Post by Erik Danielsen » Sat Dec 05, 2015 11:59 am

Corson's Brook Woods is a tiny island of sanctuary in the sea of urban development and industry that dominates the landscape of Staten Island's west shore. Just 21 acres stretched along the bottom of the College of Staten Island campus, this forest has remained relatively untouched for over 200 years in spite of repeated threats of development and a lack of formal protection. The larger Willowbrook Park across a street to the west may contain some forest in continuity with Corson's Brook Woods but the canopy in google earth suggests a mostly very-young forest. The Greenbelt Park lies across a major road just to the east and may similarly have some continuity but is mostly more recent regrowth surrounding the ruins of the old Farm Colony, which closed in 1975.

An article from 2008 in the Staten Island Advance put Corson's Brook at the top of my list of sites to visit, with references to Bruce Kershner's love of the site and notes about undisturbed glacial erratics indicating that the land had never been put into cultivation. An incredibly intact and diverse assembly of spring ephemerals typical of rich mesic forests (unlike the heath-family dominate dry forests and barrens that dominate the island) make Corson's Brook unique here and are further suggestive of its minimal level of disturbance (in relative terms- this is NYC, after all). I also found mention of mature american elm, and of course these two paragraphs were tantalizing:

"The stark, tall trunks and the light filtering through the leaves above creates the essence of a cave, but one that is airy and spacious. The smooth bark of the beech, the gruff texture of the shag hickory and the corrugated tulip stood democratically - separate but equal.

The beech and hickory rise about 70 feet in the air; the tulip tree over 90. The leaves aren't much lower. Brown's binoculars come in handy - not for birding, but for scanning leaves to distinguish between the black and the red oak."

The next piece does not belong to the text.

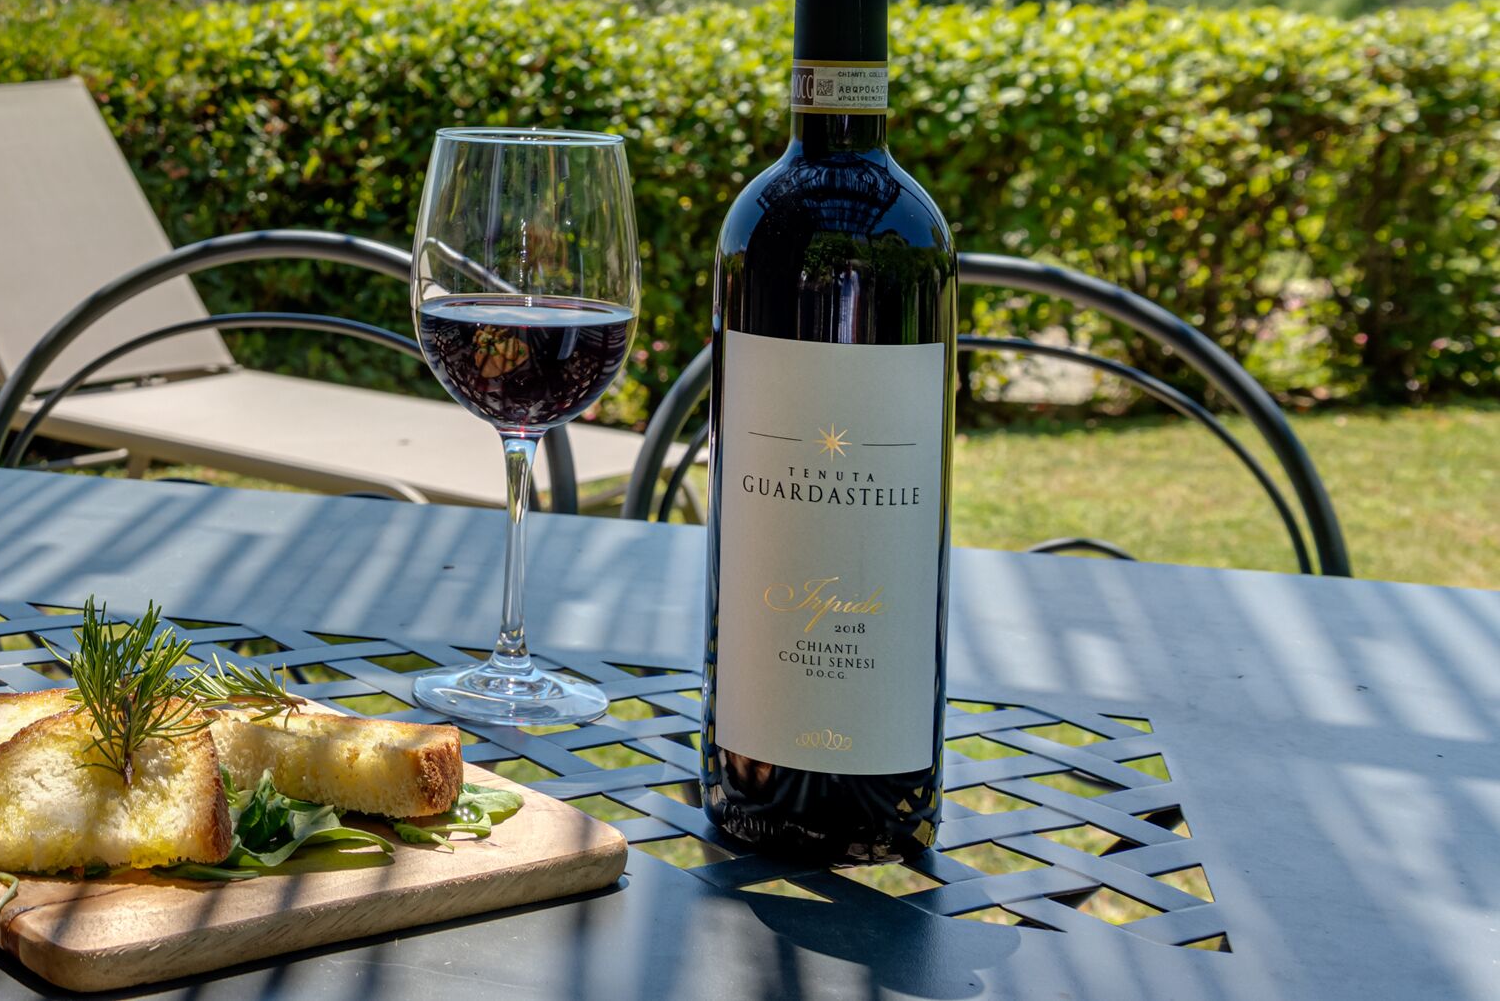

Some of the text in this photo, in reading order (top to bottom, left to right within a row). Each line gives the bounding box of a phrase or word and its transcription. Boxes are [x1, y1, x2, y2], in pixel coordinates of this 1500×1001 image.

200-year old forest-grown beech, hickory, and tuliptree on rich soils, of course, can be depended on to handily exceed the heights mentioned, of course, but the author can be forgiven out of the general lack of solid knowledge of tree heights- that's what the NTS is here for! So with all of that in mind, I managed to snag an hour in the woods on 11/8 to do some measuring. I believe I did cover most of the tallest section of forest but was selective in measuring due to time constraints. The small size of the forest makes it a good candidate for a more comprehensive measuring in the future.

Northern Red Oak:
White Oak:
American Elm:

A consistent pattern in any of Staten Island's more mesic forests is that tuliptree is absolutely dominant for height and commonly between 120'-130', with sweetgum just barely topping the oaks, which tend to top out between 105-115' in height regardless of age and diameter. White-Oak group species trend towards being a bit less tall than red-oak group species. No beech or sugar maple stood out in my walkthrough; I wonder if bark disease and asian longhorn beetle have reduced their presence (there is large deadwood on the ground in varying states of decay).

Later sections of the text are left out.